Humane Society International (HSI) has rescued 23 puppies from becoming someone else’s dinner in South Korea and has transferred them to Washington D.C. area shelters.
The lucky dogs are set to begin a recovery process and will eventually be placed in a loving home, BuzzFeed reports. And the puppies will need some time to adjust, as they have spent their entire lives packed in small cages.
Eating dog meat in Korea is not socially unacceptable, as it is in the United States, and it is even considered a delicacy by many, though the practice is on decline, thanks to the efforts of animal advocacy groups.
HSI has been pursuing an ongoing operation to put an end to the dog meat trade in Asia and elsewhere and have succeeded in convincing Moon Suk Jung, an owner of a puppy farm in Korea, to give up the canines and stop running a dog farm.
According to The Huffington Post, HSI offered Mr. Moon $2,500 to start a blueberry farm instead of the dog farm and he accepted. (Scroll down for the video reports.)
1. Snowball gives Deidre Hyde several kisses as he’s one of 23 dogs rescued from South Korea by the Humane Society International group and taken to the Alexandria Animal Welfare League in Alexandria.
2. Animal Welfare League of Alexandria Adoption Associate Chelsea Lindsey looks on as Jenifer Lumpkin of Fairfax County Animal Shelter takes Snowball out of his kennel in Alexandria, Virginia.
3. Animal Welfare League of Alexandria Adoption Associate Chelsea Lindsey looks on as Jenifer Lumpkin of Fairfax County Animal Shelter takes Snowball out of his kennel.
Kelly O’Meara of HSI told The Washington Post:
Our objective is to have this be a permanent change in a cruel trade. [This farmer] is the first, and we’re hoping [he is] a model example for others to follow. Offering him some assistance — that was something we were happy to do.
Animal rights groups have stated that at least some of the estimated 2 million or so dogs eaten in South Korea every year suffer painful and inhumane deaths.

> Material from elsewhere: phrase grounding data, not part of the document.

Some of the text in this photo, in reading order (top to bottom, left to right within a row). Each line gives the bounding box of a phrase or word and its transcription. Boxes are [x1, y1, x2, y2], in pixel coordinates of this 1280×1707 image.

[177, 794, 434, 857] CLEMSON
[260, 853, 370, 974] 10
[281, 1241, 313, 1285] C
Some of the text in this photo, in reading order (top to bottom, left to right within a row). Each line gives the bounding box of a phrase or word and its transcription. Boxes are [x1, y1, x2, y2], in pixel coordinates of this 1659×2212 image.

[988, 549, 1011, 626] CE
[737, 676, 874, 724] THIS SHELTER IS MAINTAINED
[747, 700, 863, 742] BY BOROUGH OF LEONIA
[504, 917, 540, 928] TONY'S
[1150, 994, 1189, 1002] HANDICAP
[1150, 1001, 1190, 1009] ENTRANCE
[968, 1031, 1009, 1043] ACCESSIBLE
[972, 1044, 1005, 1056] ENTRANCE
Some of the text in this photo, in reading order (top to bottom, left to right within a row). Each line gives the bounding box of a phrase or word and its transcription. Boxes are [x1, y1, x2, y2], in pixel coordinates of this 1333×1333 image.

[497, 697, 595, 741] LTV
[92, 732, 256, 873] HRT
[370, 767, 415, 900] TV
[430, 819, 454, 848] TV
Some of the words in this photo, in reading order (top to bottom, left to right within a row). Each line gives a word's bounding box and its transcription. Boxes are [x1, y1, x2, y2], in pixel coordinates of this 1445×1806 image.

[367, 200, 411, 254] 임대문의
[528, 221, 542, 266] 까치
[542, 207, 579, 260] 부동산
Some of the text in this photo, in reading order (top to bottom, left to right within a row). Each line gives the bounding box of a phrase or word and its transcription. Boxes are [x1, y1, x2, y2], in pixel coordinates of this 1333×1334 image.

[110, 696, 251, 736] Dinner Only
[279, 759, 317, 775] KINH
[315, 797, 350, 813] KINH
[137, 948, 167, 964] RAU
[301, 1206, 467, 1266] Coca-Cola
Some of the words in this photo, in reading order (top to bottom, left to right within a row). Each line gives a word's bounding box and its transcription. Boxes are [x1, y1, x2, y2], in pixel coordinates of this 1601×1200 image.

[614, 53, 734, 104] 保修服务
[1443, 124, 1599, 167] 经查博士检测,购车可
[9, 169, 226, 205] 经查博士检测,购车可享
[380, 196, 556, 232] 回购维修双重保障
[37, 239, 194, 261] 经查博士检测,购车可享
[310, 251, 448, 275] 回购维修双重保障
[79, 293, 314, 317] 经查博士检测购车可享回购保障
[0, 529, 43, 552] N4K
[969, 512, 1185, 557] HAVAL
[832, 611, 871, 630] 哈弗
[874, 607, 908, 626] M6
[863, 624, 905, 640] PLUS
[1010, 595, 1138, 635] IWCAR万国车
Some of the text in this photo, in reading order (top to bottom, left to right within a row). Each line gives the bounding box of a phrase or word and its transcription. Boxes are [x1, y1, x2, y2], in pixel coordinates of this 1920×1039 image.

Views on dogs as both animals to be eaten and lived with as pets have co-existed in South Korea’s recent history, feeding a growing controversy that becomes most caustic in the summer. On three “dog days” each summer, many South Koreans line up for hot red soup, cooked with shredded dog meat and vegetables, on the belief that it gives them strength to bear the heat.
4. Animal Welfare League of Alexandria Adoption Associate Chelsea Lindsey plays with Billy, one of 23 dogs rescued from South Korea, at a shelter in Alexandria, Virginia.
5. Bo, a Shiba Inu and one of 23 dogs rescued from South Korea, looks out from his kennel at the Animal Welfare League of Alexandria shelter in Alexandria, Virginia.
6. Animal Welfare League of Alexandria Director of Animal Care Abbie Hubbard helps Animal Welfare League of Arlington President and CEO Neil Trent carry out Momma Dog, one of 23 dogs rescued from Korea.
However, animal rights groups have said that the dog meat trade is on the decline and hope to put an end to the tradition altogether. Many are ready and willing to help farmers like Mr. Moon find viable alternatives.
At the same time, animal rights groups like HSI are working hard to rehabilitate rescued dogs that were bred for the sole purpose of eating.
Fairfax County Animal Shelter in Virginia has already offered to take in 10 of the dogs. Shelter director Tawny Hammond told The Huffington Post:
Animal welfare issues exist throughout the world and in our own region and we’re always eager to assist whenever can.
There are 23 dogs in all, for which HSI is hoping to find loving homes.
7. Animal Welfare League of Alexandria Director of Animal Care Abbie Hubbard looks away as Washington Animal Rescue League Chief Operations Officer Mary Jarvis carries away Nannie.
8. Manassas Animal Control Sgt. Christine Perry loads Thel, one of 23 dogs rescued from South Korea, into her van before departing the Animal Welfare League of Alexandria shelter.
9. Twenty-three dogs rescued by Humane Society International from a dog meat farm in Ilsan, South Korea, arrive in Washington, DC.